Major General Sir George is the local JP and he has an extremely reasonable head on his shoulders. He and his wife Lady Colvedon and son Nigel have a great sense of humor and are Miss Seeton enthusiasts. Unfortunately, Aunt “Bray” Trenthorne is coming to visit. The total antithesis of the Colvedons. Thank god, her son Basil is staying somewhere else! Sir George wouldn’t have him anyway!
“Miss [Erica] Nuttel and Norah “Bunny” Blaine live together in the middle of the village. And they’re vegetarians. Mmm-hmmm . . . They’re the benign villains of the series with their nasty little gossiping and peeping into windows. Of course, it wouldn’t work if there weren’t gullible idiots to soak it all in! In this story, the Nuts go wild with witchcraft . . . if they only knew . . . Carvic ended this story much too soon for my pleasure!
Mrs. Walsted runs the local draper’s with the help of her daughter Margery — they think Miss Seeton is a witch. Reverend Mr. Arthur Treeves is the woolly-headed vicar with his much more practical sister Molly Treeves. Well, naturally I think they’re practical because they’re on Miss Seeton’s side. Old Miss Wickes is another of Miss Seeton’s allies even if she doth have a poorly fitting denture. Martin C. Jessyp is the headmaster at the village school and has asked Miss Seeton if she could do occasional part-time teaching at the school. Obviously another Seeton ally as he refuses to back down to terrified parents. PC Potter is the village constable.
Two religious ministers, Duke and N, encountered each other at the end of a pair of botched jobs and cooked up a masterful combination to relieve people of their money.

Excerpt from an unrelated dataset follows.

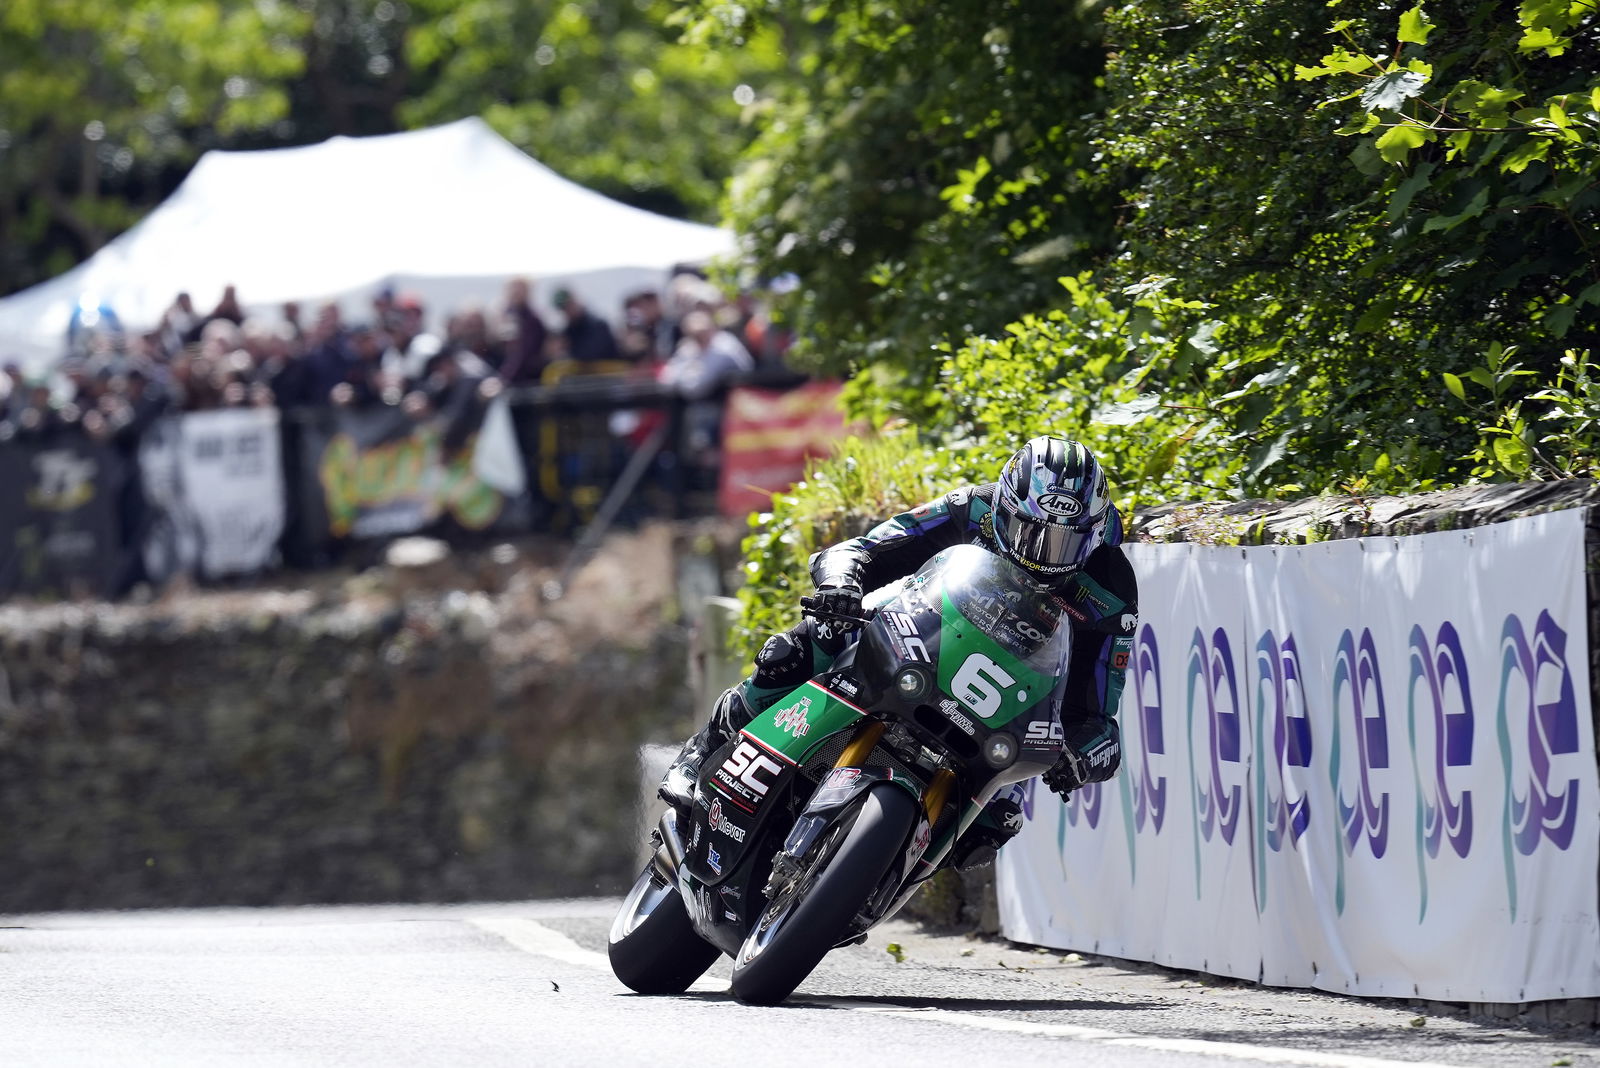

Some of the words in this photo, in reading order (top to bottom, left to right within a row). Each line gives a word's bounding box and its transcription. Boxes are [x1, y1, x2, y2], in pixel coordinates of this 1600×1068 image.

Hilary Evelyn is the actor hired as the frontman, er, the minister. James and Ted are fellow Majordomes with Basil. Ted is looking forward to a return match with MissEss. Merilee Paynel is drowning her grief in nothing until she meets Nigel.
The Title
It’s just jumping up on that slanderous bandwagon the Nuts are dragging around with them, giving MissEss a title like Witch Miss Seeton. I sure hope that somewhere along the way the Nuts get hoist with their own petard. And in such a way that the lesson sticks!